Quindi bisognerebbe sicuramente fare di più e anche qui partendo dalle fasi precliniche. Poi rispetto alle Fasi I/II che di solito si svolgono in paesi ad alto reddito in USA o Ovest Europa o Australia, dobbiamo considerare che la popolazione più colpita è quella maschile degli MSM, il che produce una sotto-rappresentazione delle donne, anche al di fuori dei protocolli clinici. Per le fasi III si dovranno includere, invece, sempre di più, paesi dove l’infezione colpisce in misura maggiore le donne, come l’Africa o altri continenti in cui le donne con HIV sono più numerose, anche se in questi paesi però le barriere economiche o socio- culturali per la partecipazione delle donne agli studi clinici sono più alte che da noi.

L’inclusione delle persone con HIV nei trial clinici è un tema su cui EATG sta puntando con decisione, anche tramite il progetto BELONG, cosa ci puoi dire in merito? 

Sono stata tra l’ispiratrice del progetto BELONG, che mira a rimuovere il criterio di esclusione di chi ha l’HIV dagli studi clinici che riguardano tutte le altre patologie. Dal 2018 al 2023 sono stata la rappresentante delle associazioni nel  Comitato Etico delle Sperimentazioni Cliniche Emilia Centro ( CEVAC) e, proprio durante questa attività, mi sono resa conto che siamo esclusi dalla maggioranza degli studi. Attualmente, infatti le persone che vivono con l’HIV, anche quelle che hanno una infezione sotto controllo dalle terapie antiretrovirali, sono escluse dalla maggioranza delle sperimentazioni cliniche per altre patologie.
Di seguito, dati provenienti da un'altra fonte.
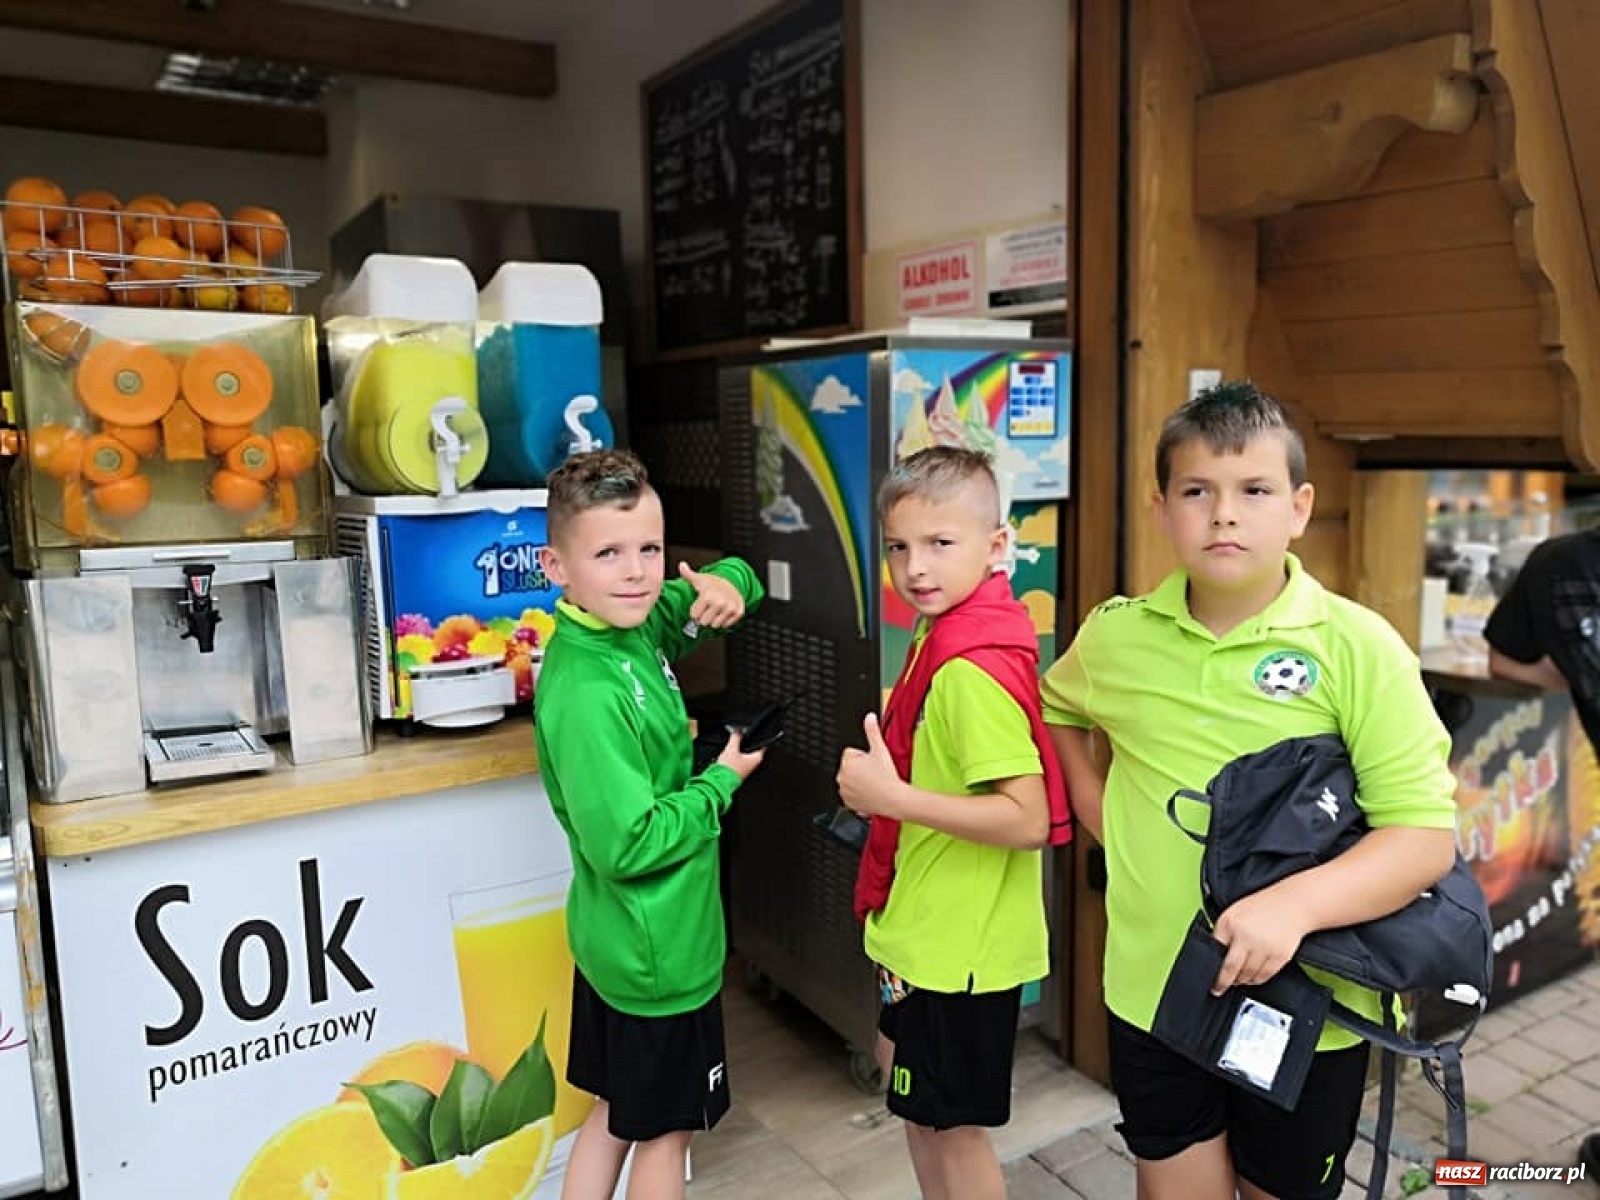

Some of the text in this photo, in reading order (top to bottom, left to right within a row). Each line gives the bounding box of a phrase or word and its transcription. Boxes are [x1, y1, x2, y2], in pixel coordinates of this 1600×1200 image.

[904, 254, 970, 289] ALKOHOL
[134, 857, 375, 1046] Sok
[149, 1007, 377, 1103] pomarańczowy
[893, 1064, 911, 1096] 10
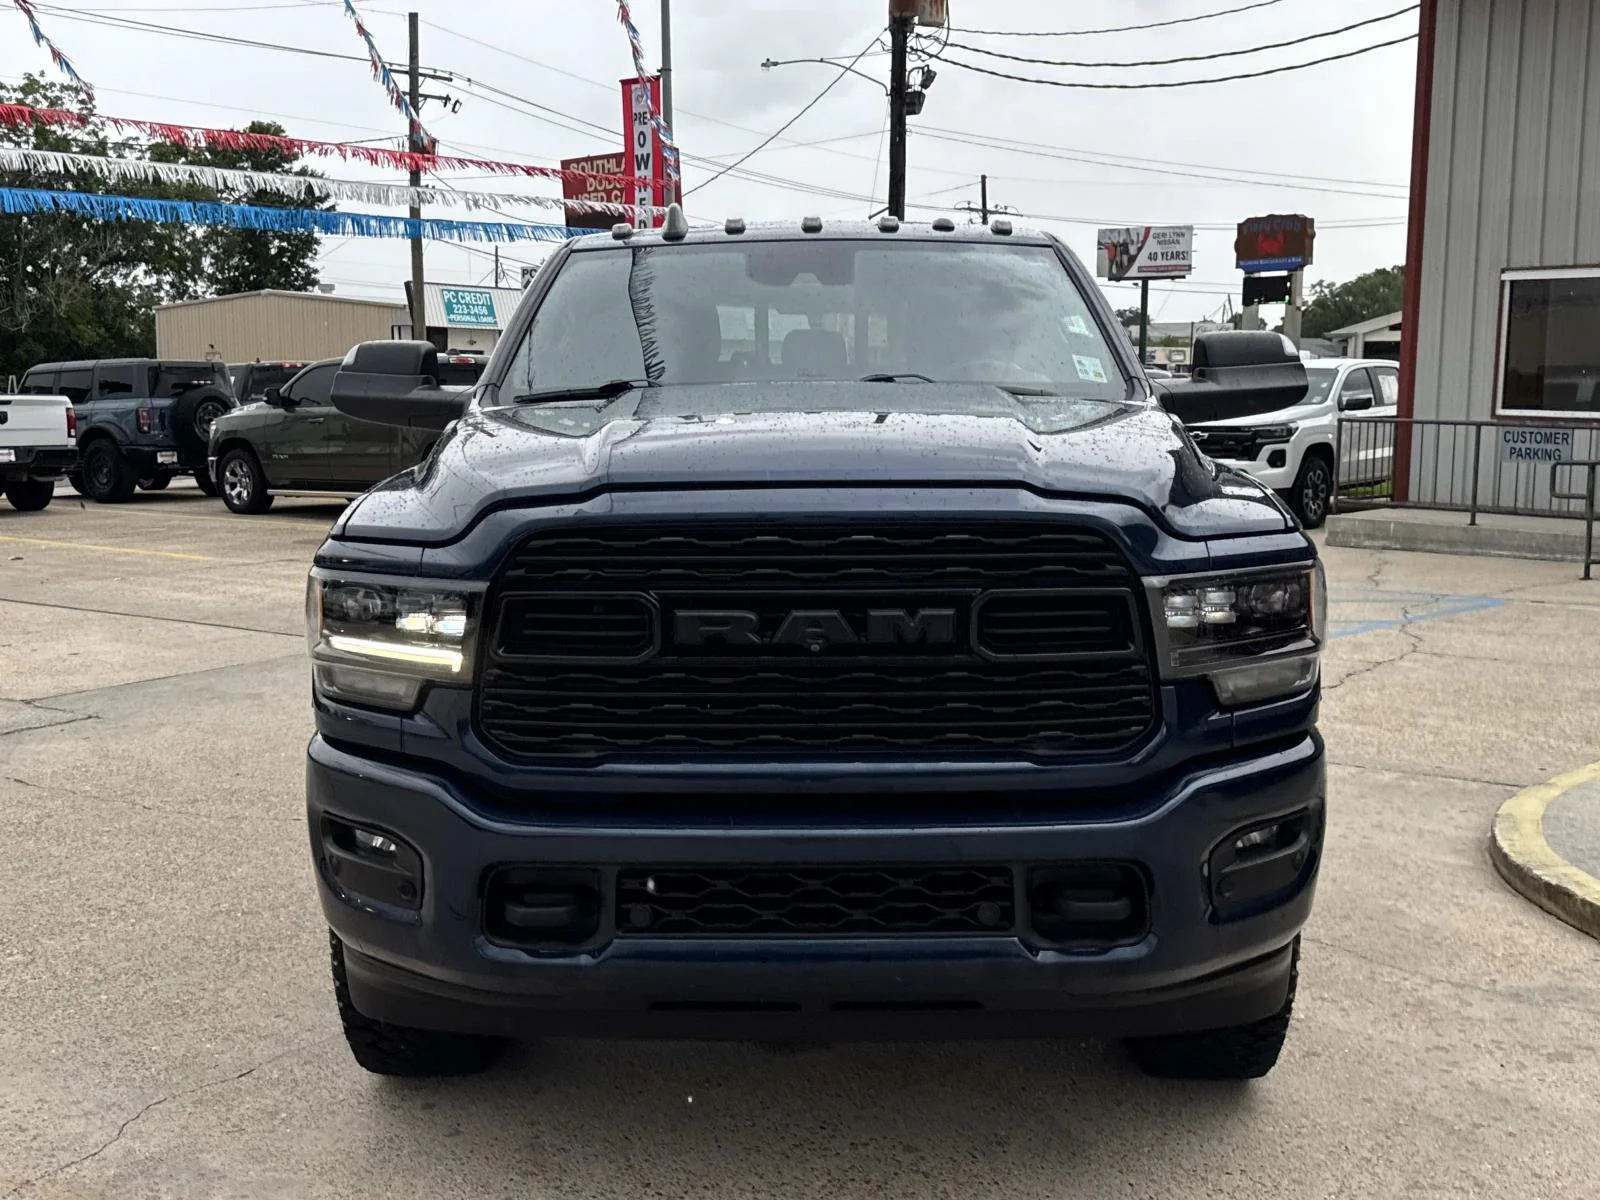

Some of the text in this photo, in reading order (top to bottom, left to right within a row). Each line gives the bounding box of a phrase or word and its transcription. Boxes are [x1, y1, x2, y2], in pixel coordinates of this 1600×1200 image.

Il paradosso è che oggi, nei paesi dove la terapia antiretrovirale è disponibile, non si muore quasi più per AIDS, ma per altre patologie spesso non correlate all’AIDS, che ci colpiscono di più rispetto al resto della popolazione HIV negativa. Tuttavia, i farmaci per queste patologie non sono testati su di noi, perché noi siamo esclusi dalle sperimentazioni cliniche che devono dimostrarne l’efficacia. Ciò significa che, quando saranno commercializzati li utilizzeremo in assenza di dati di efficacia e sicurezza. Questo è un fatto grave e un ulteriore stigma che subiscono le persone che vivono con l’HIV. La sensazione è come se il resto della medicina non si sia resa conto che non siamo più negli anni 80 e che oggi l’HIV si può controllare, i nostri sistemi immunitari sono buoni, e che le terapie attuali sono ben tollerate e con scarse interazioni farmacologiche. A settembre del 2022, abbiamo  pubblicato un position paper sull’argomento prendendo una posizione netta contro quest’ esclusione, storica e sistematica, che pur essendo nota, necessita di essere affrontata adeguatamente ora, altrimenti corriamo il rischio di portarcela dietro per sempre.
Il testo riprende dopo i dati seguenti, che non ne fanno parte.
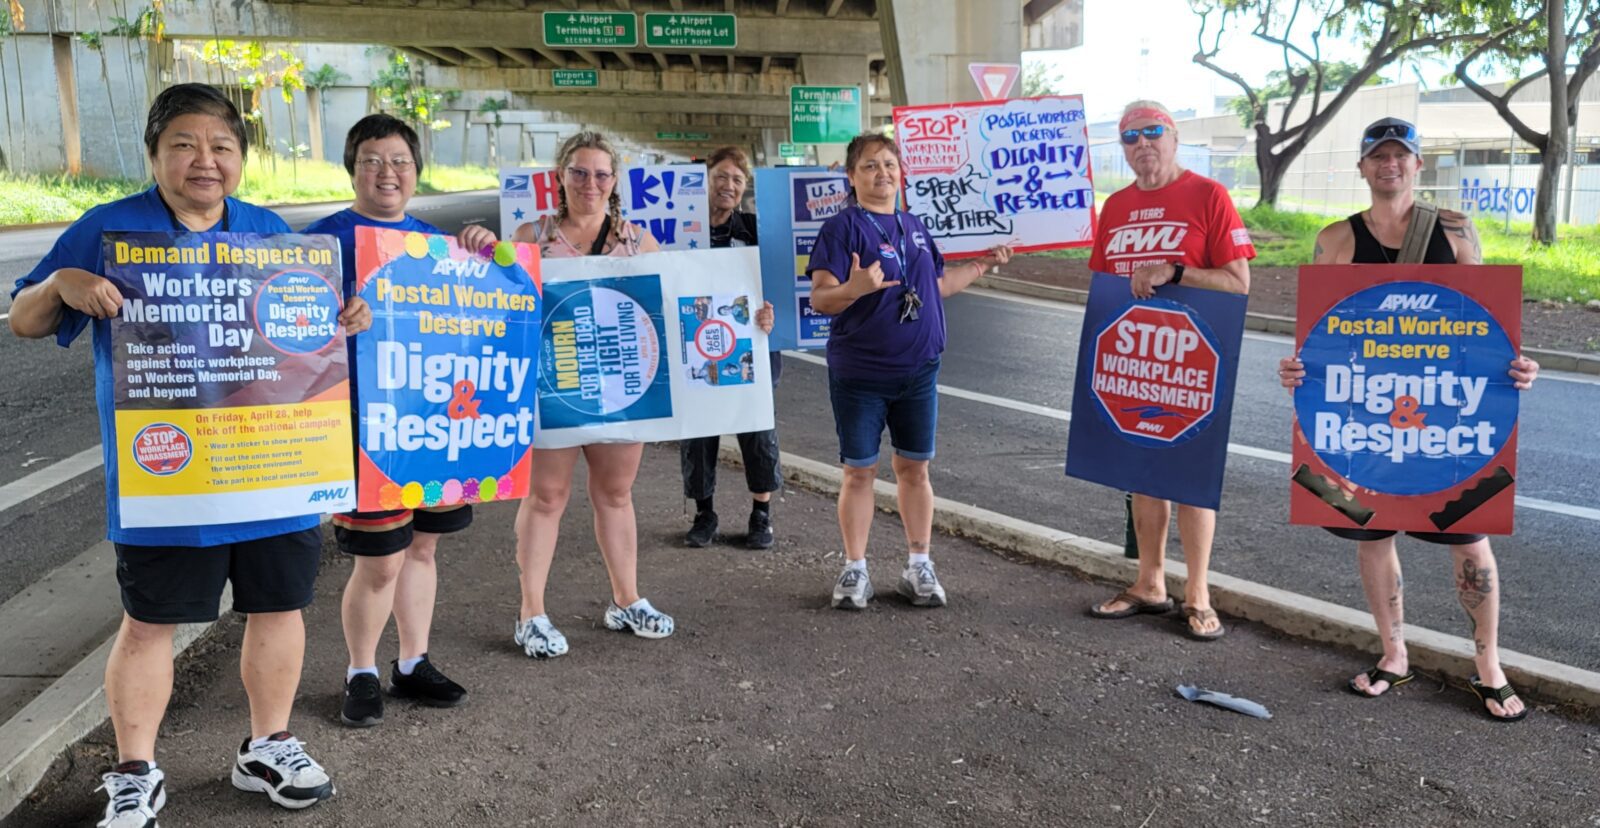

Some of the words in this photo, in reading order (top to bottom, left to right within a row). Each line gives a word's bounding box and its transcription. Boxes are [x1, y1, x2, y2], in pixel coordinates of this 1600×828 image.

[555, 25, 601, 35] Terminals
[580, 15, 613, 25] Airport
[680, 16, 713, 26] Airport
[664, 26, 682, 36] Cell
[684, 27, 712, 36] Phone
[714, 28, 729, 37] Lot
[555, 72, 584, 80] Airport
[798, 89, 840, 100] Terminal
[794, 104, 805, 113] All
[809, 105, 832, 113] Other
[794, 114, 825, 122] Airlines
[904, 114, 967, 137] STOP!
[986, 112, 1037, 131] POSTAL
[1037, 109, 1085, 124] WORKERS
[990, 143, 1084, 170] DIGNITY
[915, 177, 981, 197] SPEAK
[1024, 165, 1043, 193] &
[811, 184, 841, 198] U.S.
[932, 195, 961, 214] UP
[1140, 207, 1166, 221] YEARS
[1105, 226, 1188, 256] APWU
[115, 242, 211, 264] Demand
[215, 242, 303, 270] Respect
[308, 248, 332, 265] on
[432, 258, 491, 279] APWU
[142, 272, 252, 297] Workers
[268, 285, 295, 294] Postal
[295, 285, 329, 293] Workers
[376, 277, 450, 306] Postal
[453, 285, 536, 312] Workers
[283, 294, 316, 302] Deserve
[1378, 294, 1438, 310] APWU
[122, 298, 246, 323] Memorial
[269, 303, 330, 323] Dignity
[265, 322, 336, 341] Respect
[419, 311, 506, 338] Deserve
[573, 306, 594, 343] DEAD
[617, 301, 637, 342] LIVING
[1327, 316, 1394, 335] Postal
[1398, 316, 1489, 336] Workers
[208, 323, 254, 352] Day
[705, 328, 714, 353] SAFE
[712, 327, 721, 353] JOBS
[1115, 320, 1199, 364] STOP
[127, 343, 154, 355] Take
[157, 343, 196, 354] action
[545, 339, 553, 372] AFL-CIO
[552, 320, 581, 390] MOURN
[577, 345, 597, 371] THE
[597, 325, 622, 376] FIGHT
[621, 345, 639, 369] THE
[1363, 339, 1450, 359] Deserve
[127, 357, 172, 370] against
[174, 356, 205, 369] toxic
[208, 356, 276, 369] workplaces
[377, 341, 531, 404] Dignity
[1102, 353, 1209, 389] WORKPLACE
[127, 373, 142, 384] on
[145, 372, 196, 384] Workers
[198, 369, 254, 383] Memorial
[257, 368, 282, 382] Day,
[624, 371, 641, 396] FOR
[128, 386, 151, 399] and
[153, 385, 197, 400] beyond
[580, 373, 599, 400] FOR
[1095, 373, 1212, 412] HARASSMENT
[1325, 364, 1488, 416] Dignity
[447, 379, 483, 421] &
[196, 413, 209, 424] On
[212, 412, 247, 425] Friday,
[250, 410, 273, 422] April
[275, 409, 291, 421] 28,
[293, 408, 313, 419] help
[1388, 395, 1427, 430] &
[196, 426, 219, 437] kick
[222, 424, 236, 435] off
[240, 423, 255, 434] the
[258, 421, 297, 433] national
[300, 418, 341, 431] campaign
[367, 402, 533, 462] Respect
[1136, 421, 1165, 434] APWU
[1314, 411, 1496, 463] Respect
[140, 442, 185, 454] WORKPLACE
[143, 430, 178, 446] STOP
[209, 442, 228, 450] Wear
[237, 440, 261, 448] sticker
[289, 437, 303, 445] your
[305, 434, 328, 443] support
[139, 450, 189, 462] HARASSMENT
[251, 452, 270, 460] union
[271, 451, 292, 459] survey
[211, 465, 223, 473] the
[225, 463, 261, 472] workplace
[262, 459, 303, 468] environment
[212, 478, 229, 486] Take
[231, 477, 245, 486] part
[261, 474, 278, 482] local
[280, 472, 298, 480] union
[299, 470, 319, 478] action
[308, 486, 349, 503] APWU
La giusta composizione di genere nelle eventuali corti arruolate  è tra gli obiettivi di questo progetto?

L’idea è quella di allargare l’azione di advocacy per l’inclusione anche di patologie correlate all’HIV come Tubercolosi, Epatiti o Diabete, e ovviamente anche al genere o alle popolazioni più vulnerabili. La seconda parte del progetto Belong si ispira infatti, ad una storica ed efficace azione di advocacy organizzata proprio dalle EATG, iniziata nel 2007 e terminata nel 2017, che aveva come obiettivo l’accesso precoce ai nuovi farmaci ad azione diretta per l’epatite C per le persone coinfette da HIV/HCV e chiamata Sitges Meetings perché si sono svolte a Sitges, in Spagna. Durante questi meeting non ci limitammo all’HIV ma ci occupammo anche delle popolazioni più vulnerabili e da sempre escluse come le persone che usano droghe per via iniettiva e non solo.
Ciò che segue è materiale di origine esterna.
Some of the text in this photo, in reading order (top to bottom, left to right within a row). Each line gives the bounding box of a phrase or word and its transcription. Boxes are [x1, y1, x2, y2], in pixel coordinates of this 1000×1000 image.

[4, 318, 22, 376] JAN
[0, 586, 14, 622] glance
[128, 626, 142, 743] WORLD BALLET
Questi incontri ebbero un impatto significativo sulla qualità della ricerca prodotta perché furono inserite e priorizzate all’interno della ricerca stessa e degli studi clinici, tutte le persone che ne avevano più bisogno o perché in fase avanzata di malattia epatica o perchè  avevano fallito tutte le terapie standard disponibili, comprese anche quelle con HIV per le quali furono fatti degli studi ad HOC. Lo scorso settembre abbiamo girato un documentario proprio sui Sitges Meetings perché consideriamo questa esperienza una delle più importanti ed efficaci nel panorama dell’attivismo su HIV/ AIDS in Europa.